For the study, the researchers used a series of computer models to simulate the jet streams on the giant planets in our solar system (Jupiter, Saturn, Uranus, and Neptune), which have been documented to range between 500 to 2000 kilometers per hour (310 to 1305 miles per hour). One such trait that scientists have questions has been why the jet streams on Jupiter and Saturn flow east while the jet streams on Uranus and Neptune flow west. Some hypotheses have stated that it’s from the lack of sunlight, while others have stated it could be from different reasons for each planet.

In the end, the researchers found that atmospheric depth plays a vital role in the direction of the jet streams. More specifically, rotating convection cells at the equators, which transfer heat up and down the atmosphere, help drive the jets east or west. These findings indicate that the same processes are uniform across gas giants, opening the doors for better understanding jet streams on giant exoplanets beyond the solar system.

“Understanding these flows is crucial because it helps us grasp the fundamental processes that govern planetary atmospheres—not only in our solar system but throughout the Milky Way,” said Dr. Keren Duer, who is a guest researcher at Leiden University and lead author of the study. “This discovery gives us a new tool to understand the diversity of planetary atmospheres and climates across the universe.”

Examples of exoplanets whose jet streams have been observed and documented include HD 209458 b (159 light-years), HD 189733 b (64.5 light-years), WASP-43 b (284 light-years), WASP-18 b (380 light-years), HAT-P-7 b (1040 light-years), WASP-76 b (634 light-years), WASP-121 b (850 light-years), GJ 1214 b (48 light-years). All those exoplanets except GJ 1214 b have radii ranging between slightly larger than Jupiter and almost twice Jupiter, while GJ 1214 b has a radius of approximately 2.7 of Earth.

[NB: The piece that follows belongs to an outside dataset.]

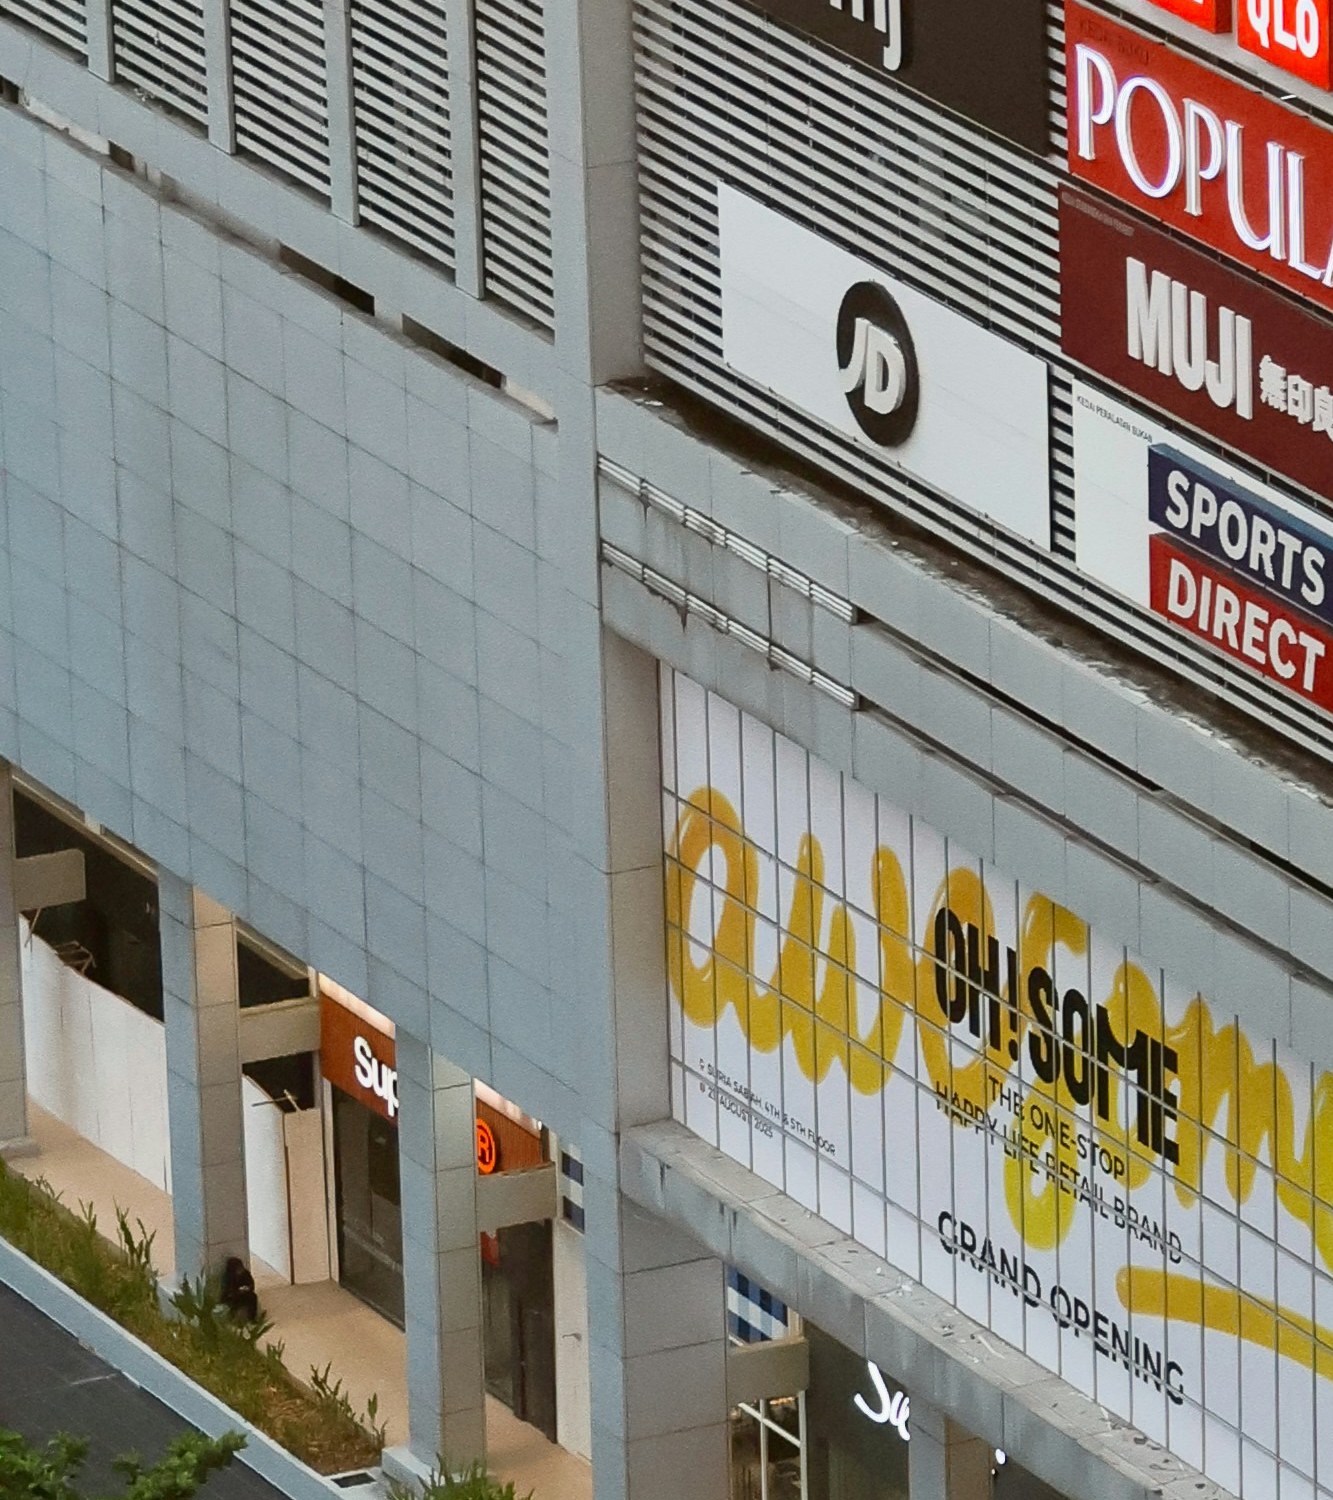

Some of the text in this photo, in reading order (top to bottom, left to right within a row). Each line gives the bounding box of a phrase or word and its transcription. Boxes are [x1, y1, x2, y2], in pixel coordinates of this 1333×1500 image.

While the jet streams of the four giant planets in our solar system range from 500 to 2000 kilometers per hour, the jet streams on the exoplanets listed above are estimated to be minimum 3600 kilometers per hour (2237 miles per hour). Additionally, while the orbital periods of Jupiter, Saturn, Uranus, and Neptune are 11.86, 29.46, 84, and 164.8 Earth years, the orbital periods of the exoplanets listed above range less than one day to just over 4.5 days, designating them as Hot Jupiters or Ultra-Hot Jupiters, meaning they orbit so close to their star their atmospheres are super-heated. As a result, while some of the exoplanets listed above have had their jet stream directions documented, some of them experience unique atmospheric phenomena, including hotspots, varying jet streams on the day side compared to the night side, or their atmospheres being comprised of heavy metals like iron.

As scientists continue learning more about planetary atmospheres, studies like this demonstrate how simple processes could explain massive events on planetary bodies both in and out of our solar system.

What new insight into gas giant jet streams will researchers make in the coming years and decades? Only time will tell, and this is why we science!

As always, keep doing science & keep looking up!